# Foredom tool gloat



## barry richardson (Nov 17, 2022)

Went to an estate sale nearby and got this lightly used (or so it appears) Foredom rotary tool, with a lot of accessories and bits for $65. I have a Chinese knock-off model that I dont like very well, hope this is a big improvement, also got a few other random hand tools and a rubbermaid shop cart... apparently the fellow was a machinist, hundreds of metal working bits and metal stock and every kind if micrometer and measuring instrument you could imagine... @woodtickgreg you would have gone nuts...

Reactions: Like 5 | EyeCandy! 1 | Way Cool 11 | +Karma 2


----------



## woodtickgreg (Nov 17, 2022)

I must show controll and restrain myself!
Man that thing looks brand new.

Reactions: Agree 4


----------



## DLJeffs (Nov 17, 2022)

Super nice! Now you can start making bone necklace carvings. 






This is Louie da' Fish, a friend of mine in Hawai'i, making bone necklaces.

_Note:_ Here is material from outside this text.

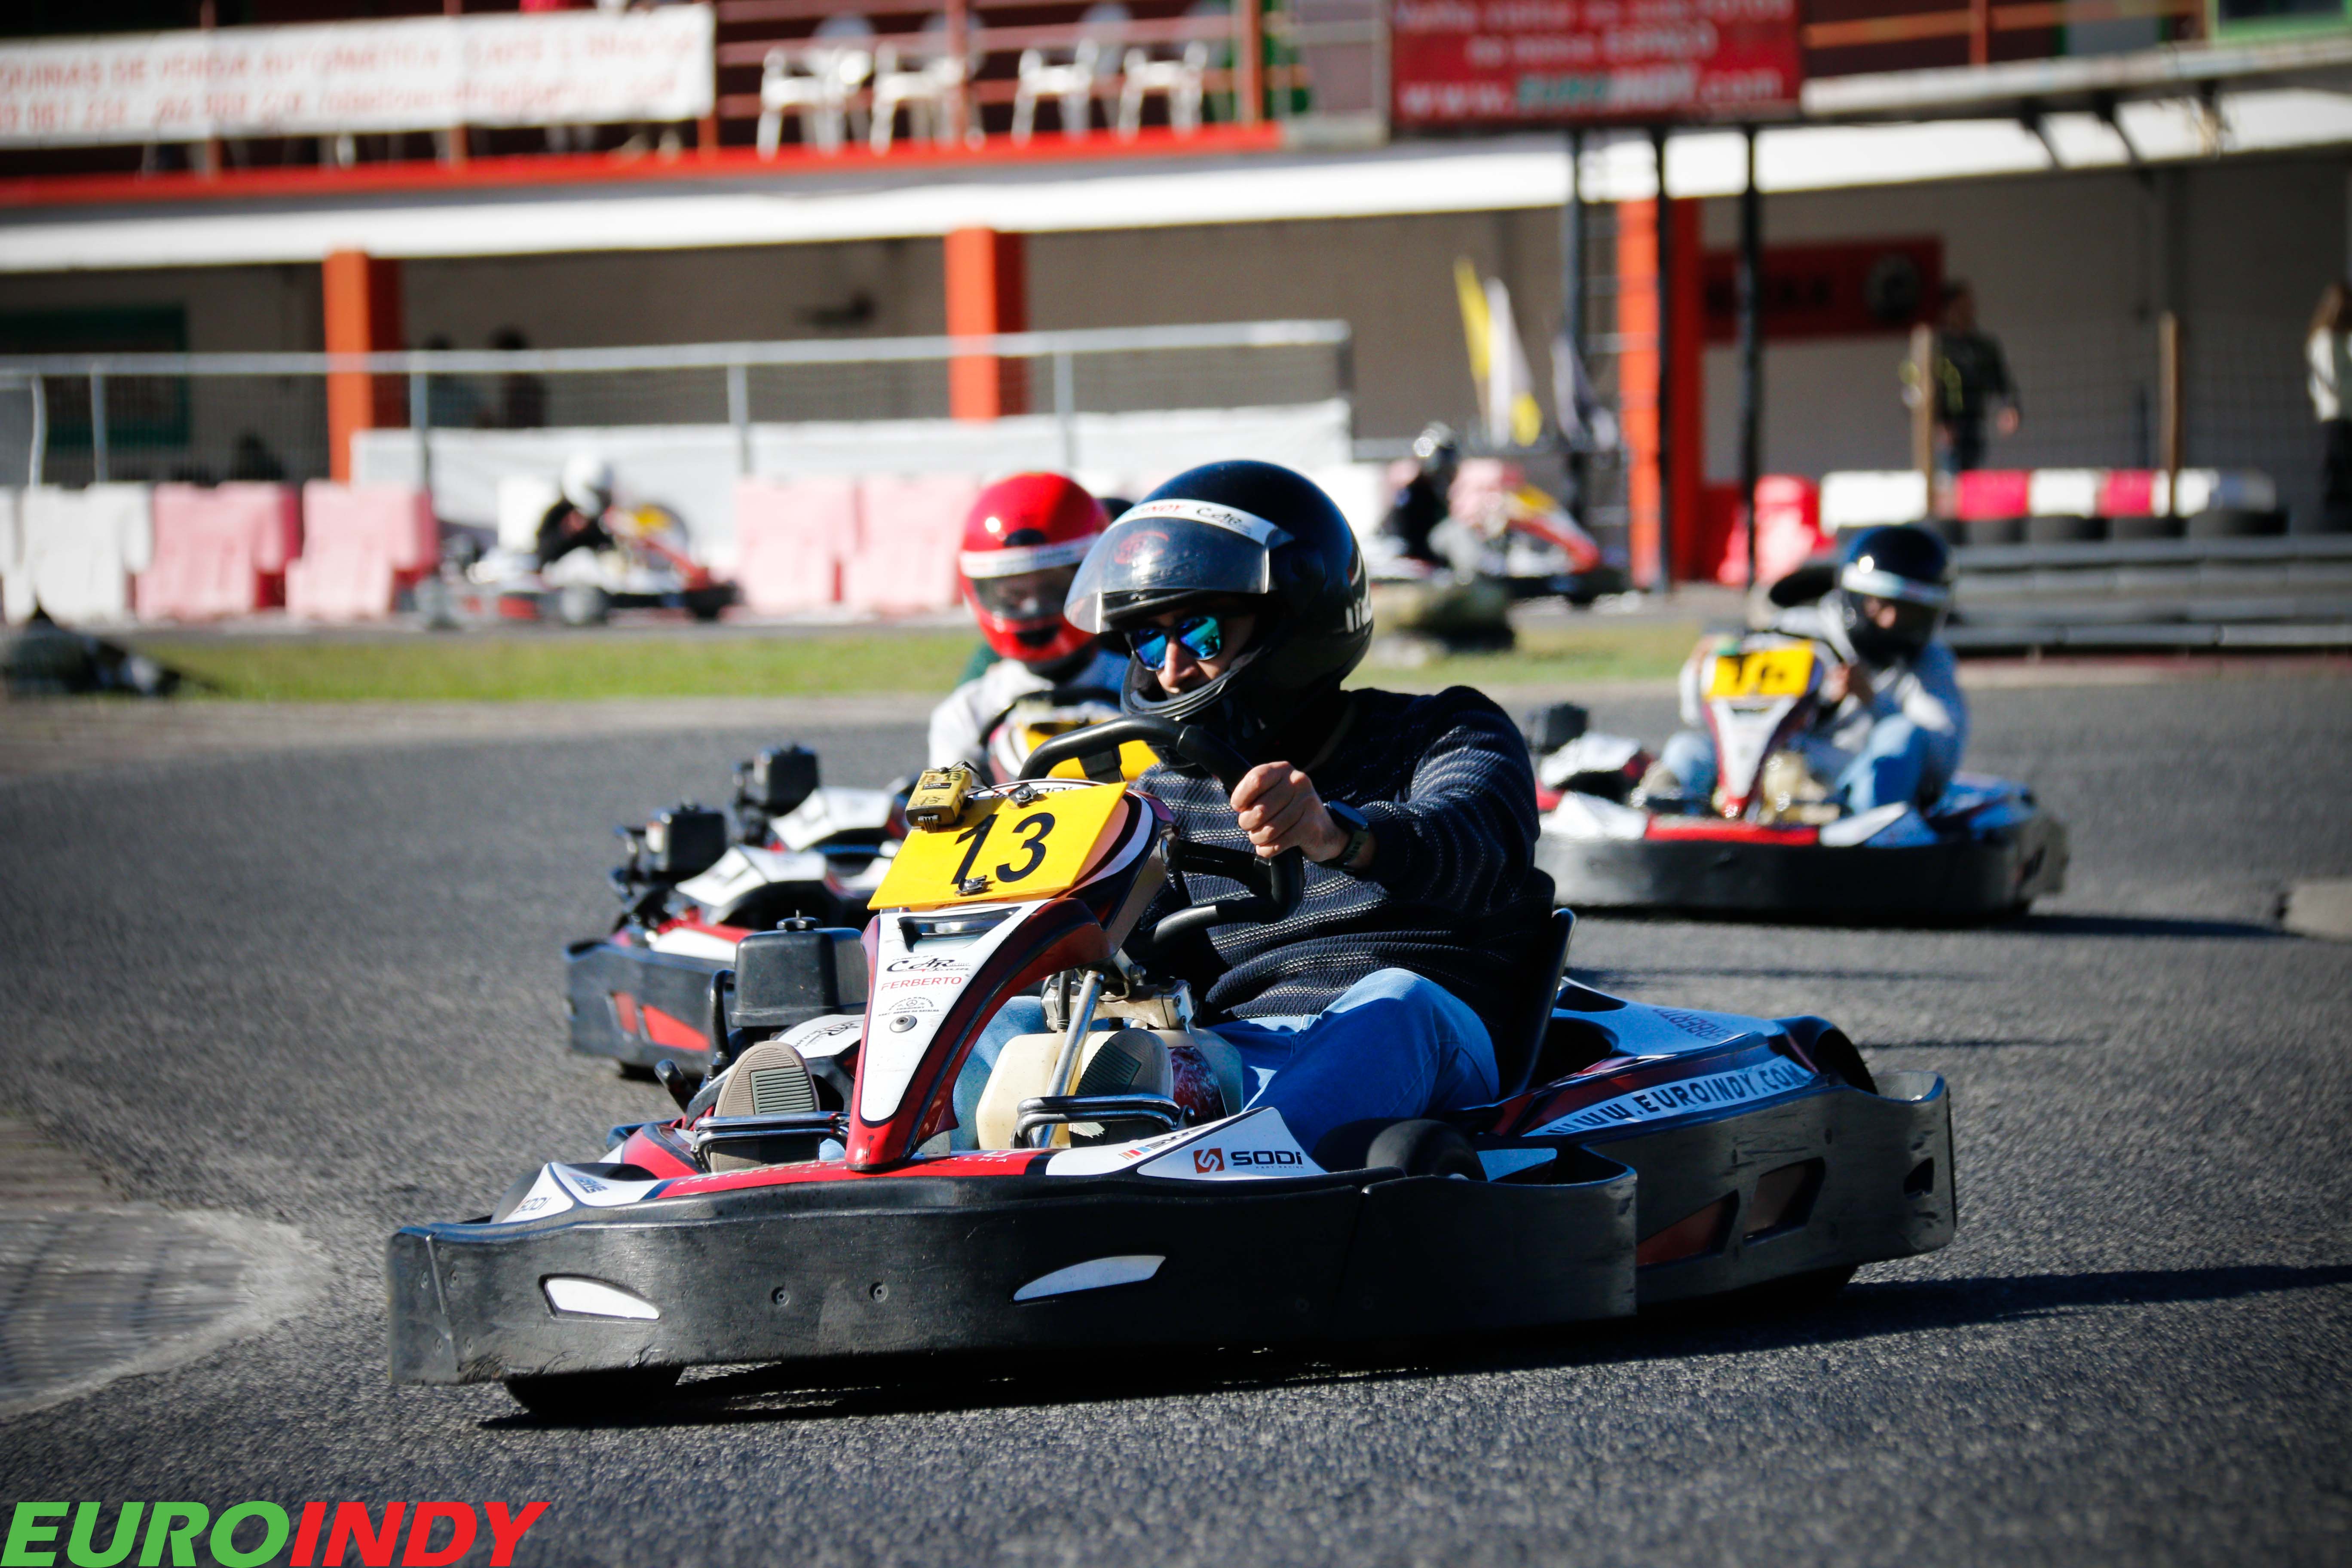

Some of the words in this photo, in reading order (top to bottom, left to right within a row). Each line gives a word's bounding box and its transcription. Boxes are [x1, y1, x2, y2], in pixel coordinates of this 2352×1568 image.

[950, 812, 1056, 885] 13
[881, 977, 962, 991] FERBERTO
[1546, 1062, 1809, 1135] WWW.EUROINDY.COM
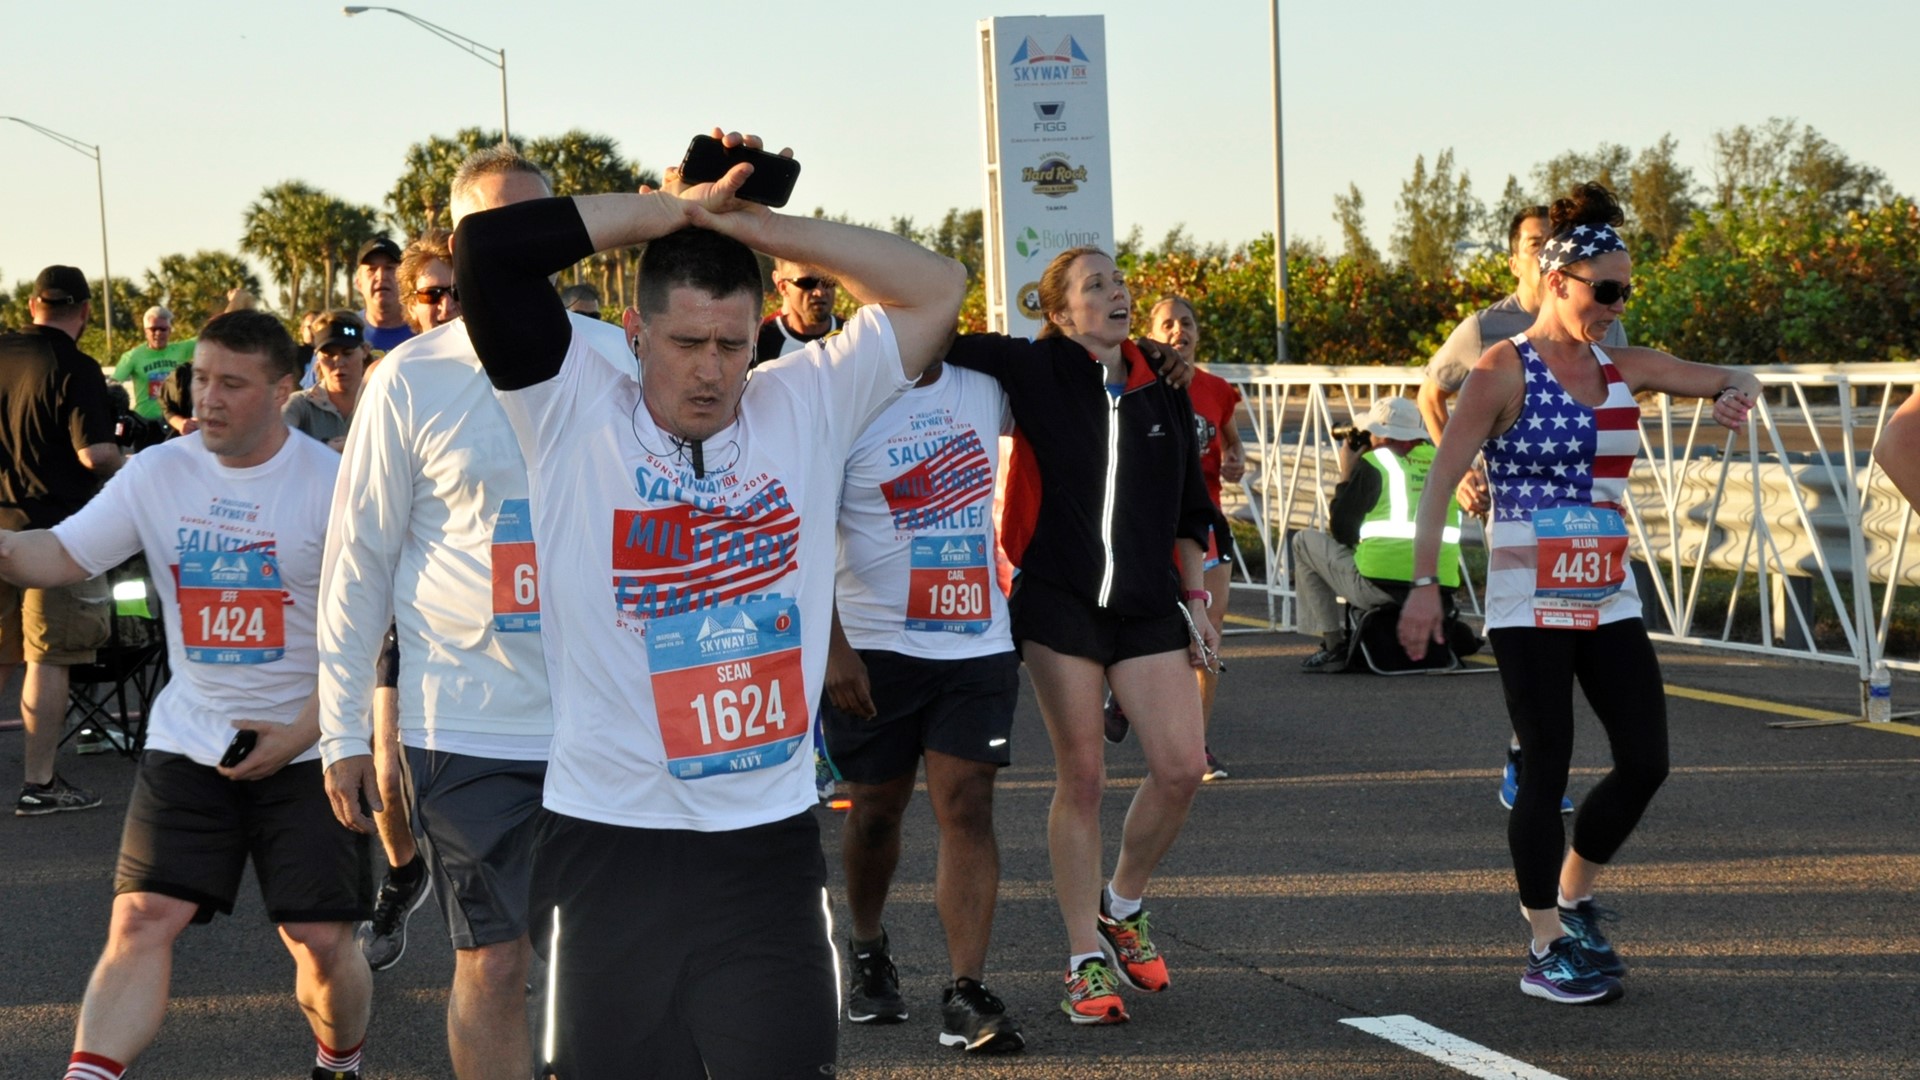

Reactions: Like 1 | Way Cool 1


----------



## ripjack13 (Nov 17, 2022)

I love my foredom. I got it for a song and a piece of gum from @Don Ratcliff

Reactions: Like 1 | Funny 3


----------



## Nature Man (Nov 17, 2022)

Congrats! You must be living right with the deals you find! If you think about it, when you figure out exactly what you have, perhaps you could put together a short tutorial. Chuck


----------



## JonathanH (Nov 17, 2022)

Love my Foredom tool. I used a Dremel for many years. There is no comparison.

Reactions: Like 1


----------



## barry richardson (Nov 17, 2022)

woodtickgreg said:


> I must show controll and restrain myself!
> Man that thing looks brand new.


Yea after looking at it closer, I think it has never been use, there are just some extra old accessories thrown in with it that made me think of was used...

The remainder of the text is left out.